(Collected data)
BEGIN
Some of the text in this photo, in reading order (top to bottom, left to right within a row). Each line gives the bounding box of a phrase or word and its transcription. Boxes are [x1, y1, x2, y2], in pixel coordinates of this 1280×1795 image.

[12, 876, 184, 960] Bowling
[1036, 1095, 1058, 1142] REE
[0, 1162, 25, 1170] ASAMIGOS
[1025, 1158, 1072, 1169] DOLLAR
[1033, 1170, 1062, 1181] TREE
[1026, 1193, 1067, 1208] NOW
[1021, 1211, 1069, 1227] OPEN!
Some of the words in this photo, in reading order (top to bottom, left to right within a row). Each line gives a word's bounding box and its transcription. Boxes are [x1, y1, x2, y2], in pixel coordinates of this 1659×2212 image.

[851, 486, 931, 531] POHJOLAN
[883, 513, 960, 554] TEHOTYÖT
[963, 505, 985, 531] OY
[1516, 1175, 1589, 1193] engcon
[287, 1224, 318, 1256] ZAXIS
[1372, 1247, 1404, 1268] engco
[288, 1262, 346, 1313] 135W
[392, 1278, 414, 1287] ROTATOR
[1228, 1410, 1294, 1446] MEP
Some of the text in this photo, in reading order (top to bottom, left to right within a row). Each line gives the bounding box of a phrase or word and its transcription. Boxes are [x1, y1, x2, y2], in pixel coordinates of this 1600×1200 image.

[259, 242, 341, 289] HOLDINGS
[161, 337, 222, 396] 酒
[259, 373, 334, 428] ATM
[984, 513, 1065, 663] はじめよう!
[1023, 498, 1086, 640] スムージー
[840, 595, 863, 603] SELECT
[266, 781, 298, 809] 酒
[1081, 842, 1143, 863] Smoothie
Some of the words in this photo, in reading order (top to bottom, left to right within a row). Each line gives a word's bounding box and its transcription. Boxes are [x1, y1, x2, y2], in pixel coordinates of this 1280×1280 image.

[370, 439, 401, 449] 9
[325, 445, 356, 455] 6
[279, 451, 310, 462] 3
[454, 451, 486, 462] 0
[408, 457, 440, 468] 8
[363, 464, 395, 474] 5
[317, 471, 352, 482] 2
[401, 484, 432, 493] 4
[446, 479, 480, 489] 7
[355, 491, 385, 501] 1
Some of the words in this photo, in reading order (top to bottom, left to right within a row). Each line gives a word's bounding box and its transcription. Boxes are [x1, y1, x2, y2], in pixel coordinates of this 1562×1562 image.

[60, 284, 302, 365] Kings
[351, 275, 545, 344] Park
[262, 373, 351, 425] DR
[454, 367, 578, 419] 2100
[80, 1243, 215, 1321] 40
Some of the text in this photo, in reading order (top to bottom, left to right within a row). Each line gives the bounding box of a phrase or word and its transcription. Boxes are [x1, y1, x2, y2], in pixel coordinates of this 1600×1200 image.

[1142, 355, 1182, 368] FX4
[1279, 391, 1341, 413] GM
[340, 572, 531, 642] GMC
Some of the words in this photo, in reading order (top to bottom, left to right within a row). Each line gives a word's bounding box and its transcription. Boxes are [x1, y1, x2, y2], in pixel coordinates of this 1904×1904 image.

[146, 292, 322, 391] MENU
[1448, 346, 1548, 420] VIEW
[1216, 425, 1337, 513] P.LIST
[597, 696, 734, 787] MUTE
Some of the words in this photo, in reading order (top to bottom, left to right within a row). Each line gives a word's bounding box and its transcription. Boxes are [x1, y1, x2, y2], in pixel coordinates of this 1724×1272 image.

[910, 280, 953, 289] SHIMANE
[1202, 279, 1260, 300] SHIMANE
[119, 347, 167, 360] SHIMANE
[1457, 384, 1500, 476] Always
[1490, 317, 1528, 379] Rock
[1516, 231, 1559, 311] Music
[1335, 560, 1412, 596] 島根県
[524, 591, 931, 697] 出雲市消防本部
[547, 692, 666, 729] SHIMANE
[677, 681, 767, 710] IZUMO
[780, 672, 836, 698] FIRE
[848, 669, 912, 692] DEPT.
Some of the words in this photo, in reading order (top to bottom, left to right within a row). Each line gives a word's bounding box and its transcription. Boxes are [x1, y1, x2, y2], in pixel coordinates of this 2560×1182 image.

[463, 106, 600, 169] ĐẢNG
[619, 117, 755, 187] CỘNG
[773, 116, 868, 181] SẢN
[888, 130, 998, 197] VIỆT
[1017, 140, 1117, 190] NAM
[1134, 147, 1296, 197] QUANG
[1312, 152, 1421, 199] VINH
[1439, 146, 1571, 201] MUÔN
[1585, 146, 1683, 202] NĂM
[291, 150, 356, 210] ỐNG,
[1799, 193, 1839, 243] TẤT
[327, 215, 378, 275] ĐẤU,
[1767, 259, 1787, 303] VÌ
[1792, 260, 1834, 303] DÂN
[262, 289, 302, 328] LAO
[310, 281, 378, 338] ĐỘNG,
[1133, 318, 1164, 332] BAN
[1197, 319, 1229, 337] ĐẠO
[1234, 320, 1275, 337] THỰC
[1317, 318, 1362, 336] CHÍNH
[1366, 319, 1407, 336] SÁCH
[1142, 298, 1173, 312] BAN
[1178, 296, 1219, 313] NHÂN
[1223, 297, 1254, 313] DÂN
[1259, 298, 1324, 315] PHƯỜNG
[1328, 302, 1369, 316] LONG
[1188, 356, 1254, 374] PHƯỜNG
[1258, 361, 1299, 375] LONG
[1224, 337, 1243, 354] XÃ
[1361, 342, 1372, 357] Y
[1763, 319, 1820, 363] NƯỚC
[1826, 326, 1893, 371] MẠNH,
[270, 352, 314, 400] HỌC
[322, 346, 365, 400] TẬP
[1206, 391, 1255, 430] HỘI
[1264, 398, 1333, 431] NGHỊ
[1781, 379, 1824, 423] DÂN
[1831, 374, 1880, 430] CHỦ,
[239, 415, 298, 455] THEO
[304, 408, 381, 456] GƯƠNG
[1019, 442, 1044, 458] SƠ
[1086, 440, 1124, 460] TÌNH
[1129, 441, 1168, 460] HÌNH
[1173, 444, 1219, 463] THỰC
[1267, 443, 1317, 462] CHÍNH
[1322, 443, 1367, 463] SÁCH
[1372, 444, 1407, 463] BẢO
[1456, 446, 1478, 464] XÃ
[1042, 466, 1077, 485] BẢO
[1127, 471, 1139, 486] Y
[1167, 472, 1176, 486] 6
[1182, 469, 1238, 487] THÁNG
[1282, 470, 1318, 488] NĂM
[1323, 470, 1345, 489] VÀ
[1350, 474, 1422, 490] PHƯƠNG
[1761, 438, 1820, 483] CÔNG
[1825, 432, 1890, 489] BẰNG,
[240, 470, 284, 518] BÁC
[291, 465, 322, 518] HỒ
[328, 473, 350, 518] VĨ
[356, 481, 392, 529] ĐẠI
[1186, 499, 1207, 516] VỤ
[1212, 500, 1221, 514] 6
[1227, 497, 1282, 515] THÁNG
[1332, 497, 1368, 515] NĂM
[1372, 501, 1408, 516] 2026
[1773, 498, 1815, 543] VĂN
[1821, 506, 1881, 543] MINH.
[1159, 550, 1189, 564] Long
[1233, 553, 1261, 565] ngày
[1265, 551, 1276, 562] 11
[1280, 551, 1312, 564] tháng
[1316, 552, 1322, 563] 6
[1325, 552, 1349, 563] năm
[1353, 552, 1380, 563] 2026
END
*Assigned task*: All of the data above should be reproduced verbatim.

*Expected answer*:
Some of the text in this photo, in reading order (top to bottom, left to right within a row). Each line gives the bounding box of a phrase or word and its transcription. Boxes are [x1, y1, x2, y2], in pixel coordinates of this 1280×1795 image.

[12, 876, 184, 960] Bowling
[1036, 1095, 1058, 1142] REE
[0, 1162, 25, 1170] ASAMIGOS
[1025, 1158, 1072, 1169] DOLLAR
[1033, 1170, 1062, 1181] TREE
[1026, 1193, 1067, 1208] NOW
[1021, 1211, 1069, 1227] OPEN!
Some of the words in this photo, in reading order (top to bottom, left to right within a row). Each line gives a word's bounding box and its transcription. Boxes are [x1, y1, x2, y2], in pixel coordinates of this 1659×2212 image.

[851, 486, 931, 531] POHJOLAN
[883, 513, 960, 554] TEHOTYÖT
[963, 505, 985, 531] OY
[1516, 1175, 1589, 1193] engcon
[287, 1224, 318, 1256] ZAXIS
[1372, 1247, 1404, 1268] engco
[288, 1262, 346, 1313] 135W
[392, 1278, 414, 1287] ROTATOR
[1228, 1410, 1294, 1446] MEP
Some of the text in this photo, in reading order (top to bottom, left to right within a row). Each line gives the bounding box of a phrase or word and its transcription. Boxes are [x1, y1, x2, y2], in pixel coordinates of this 1600×1200 image.

[259, 242, 341, 289] HOLDINGS
[161, 337, 222, 396] 酒
[259, 373, 334, 428] ATM
[984, 513, 1065, 663] はじめよう!
[1023, 498, 1086, 640] スムージー
[840, 595, 863, 603] SELECT
[266, 781, 298, 809] 酒
[1081, 842, 1143, 863] Smoothie
Some of the words in this photo, in reading order (top to bottom, left to right within a row). Each line gives a word's bounding box and its transcription. Boxes are [x1, y1, x2, y2], in pixel coordinates of this 1280×1280 image.

[370, 439, 401, 449] 9
[325, 445, 356, 455] 6
[279, 451, 310, 462] 3
[454, 451, 486, 462] 0
[408, 457, 440, 468] 8
[363, 464, 395, 474] 5
[317, 471, 352, 482] 2
[401, 484, 432, 493] 4
[446, 479, 480, 489] 7
[355, 491, 385, 501] 1
Some of the words in this photo, in reading order (top to bottom, left to right within a row). Each line gives a word's bounding box and its transcription. Boxes are [x1, y1, x2, y2], in pixel coordinates of this 1562×1562 image.

[60, 284, 302, 365] Kings
[351, 275, 545, 344] Park
[262, 373, 351, 425] DR
[454, 367, 578, 419] 2100
[80, 1243, 215, 1321] 40
Some of the text in this photo, in reading order (top to bottom, left to right within a row). Each line gives the bounding box of a phrase or word and its transcription. Boxes are [x1, y1, x2, y2], in pixel coordinates of this 1600×1200 image.

[1142, 355, 1182, 368] FX4
[1279, 391, 1341, 413] GM
[340, 572, 531, 642] GMC
Some of the words in this photo, in reading order (top to bottom, left to right within a row). Each line gives a word's bounding box and its transcription. Boxes are [x1, y1, x2, y2], in pixel coordinates of this 1904×1904 image.

[146, 292, 322, 391] MENU
[1448, 346, 1548, 420] VIEW
[1216, 425, 1337, 513] P.LIST
[597, 696, 734, 787] MUTE
Some of the words in this photo, in reading order (top to bottom, left to right within a row). Each line gives a word's bounding box and its transcription. Boxes are [x1, y1, x2, y2], in pixel coordinates of this 1724×1272 image.

[910, 280, 953, 289] SHIMANE
[1202, 279, 1260, 300] SHIMANE
[119, 347, 167, 360] SHIMANE
[1457, 384, 1500, 476] Always
[1490, 317, 1528, 379] Rock
[1516, 231, 1559, 311] Music
[1335, 560, 1412, 596] 島根県
[524, 591, 931, 697] 出雲市消防本部
[547, 692, 666, 729] SHIMANE
[677, 681, 767, 710] IZUMO
[780, 672, 836, 698] FIRE
[848, 669, 912, 692] DEPT.
Some of the words in this photo, in reading order (top to bottom, left to right within a row). Each line gives a word's bounding box and its transcription. Boxes are [x1, y1, x2, y2], in pixel coordinates of this 2560×1182 image.

[463, 106, 600, 169] ĐẢNG
[619, 117, 755, 187] CỘNG
[773, 116, 868, 181] SẢN
[888, 130, 998, 197] VIỆT
[1017, 140, 1117, 190] NAM
[1134, 147, 1296, 197] QUANG
[1312, 152, 1421, 199] VINH
[1439, 146, 1571, 201] MUÔN
[1585, 146, 1683, 202] NĂM
[291, 150, 356, 210] ỐNG,
[1799, 193, 1839, 243] TẤT
[327, 215, 378, 275] ĐẤU,
[1767, 259, 1787, 303] VÌ
[1792, 260, 1834, 303] DÂN
[262, 289, 302, 328] LAO
[310, 281, 378, 338] ĐỘNG,
[1133, 318, 1164, 332] BAN
[1197, 319, 1229, 337] ĐẠO
[1234, 320, 1275, 337] THỰC
[1317, 318, 1362, 336] CHÍNH
[1366, 319, 1407, 336] SÁCH
[1142, 298, 1173, 312] BAN
[1178, 296, 1219, 313] NHÂN
[1223, 297, 1254, 313] DÂN
[1259, 298, 1324, 315] PHƯỜNG
[1328, 302, 1369, 316] LONG
[1188, 356, 1254, 374] PHƯỜNG
[1258, 361, 1299, 375] LONG
[1224, 337, 1243, 354] XÃ
[1361, 342, 1372, 357] Y
[1763, 319, 1820, 363] NƯỚC
[1826, 326, 1893, 371] MẠNH,
[270, 352, 314, 400] HỌC
[322, 346, 365, 400] TẬP
[1206, 391, 1255, 430] HỘI
[1264, 398, 1333, 431] NGHỊ
[1781, 379, 1824, 423] DÂN
[1831, 374, 1880, 430] CHỦ,
[239, 415, 298, 455] THEO
[304, 408, 381, 456] GƯƠNG
[1019, 442, 1044, 458] SƠ
[1086, 440, 1124, 460] TÌNH
[1129, 441, 1168, 460] HÌNH
[1173, 444, 1219, 463] THỰC
[1267, 443, 1317, 462] CHÍNH
[1322, 443, 1367, 463] SÁCH
[1372, 444, 1407, 463] BẢO
[1456, 446, 1478, 464] XÃ
[1042, 466, 1077, 485] BẢO
[1127, 471, 1139, 486] Y
[1167, 472, 1176, 486] 6
[1182, 469, 1238, 487] THÁNG
[1282, 470, 1318, 488] NĂM
[1323, 470, 1345, 489] VÀ
[1350, 474, 1422, 490] PHƯƠNG
[1761, 438, 1820, 483] CÔNG
[1825, 432, 1890, 489] BẰNG,
[240, 470, 284, 518] BÁC
[291, 465, 322, 518] HỒ
[328, 473, 350, 518] VĨ
[356, 481, 392, 529] ĐẠI
[1186, 499, 1207, 516] VỤ
[1212, 500, 1221, 514] 6
[1227, 497, 1282, 515] THÁNG
[1332, 497, 1368, 515] NĂM
[1372, 501, 1408, 516] 2026
[1773, 498, 1815, 543] VĂN
[1821, 506, 1881, 543] MINH.
[1159, 550, 1189, 564] Long
[1233, 553, 1261, 565] ngày
[1265, 551, 1276, 562] 11
[1280, 551, 1312, 564] tháng
[1316, 552, 1322, 563] 6
[1325, 552, 1349, 563] năm
[1353, 552, 1380, 563] 2026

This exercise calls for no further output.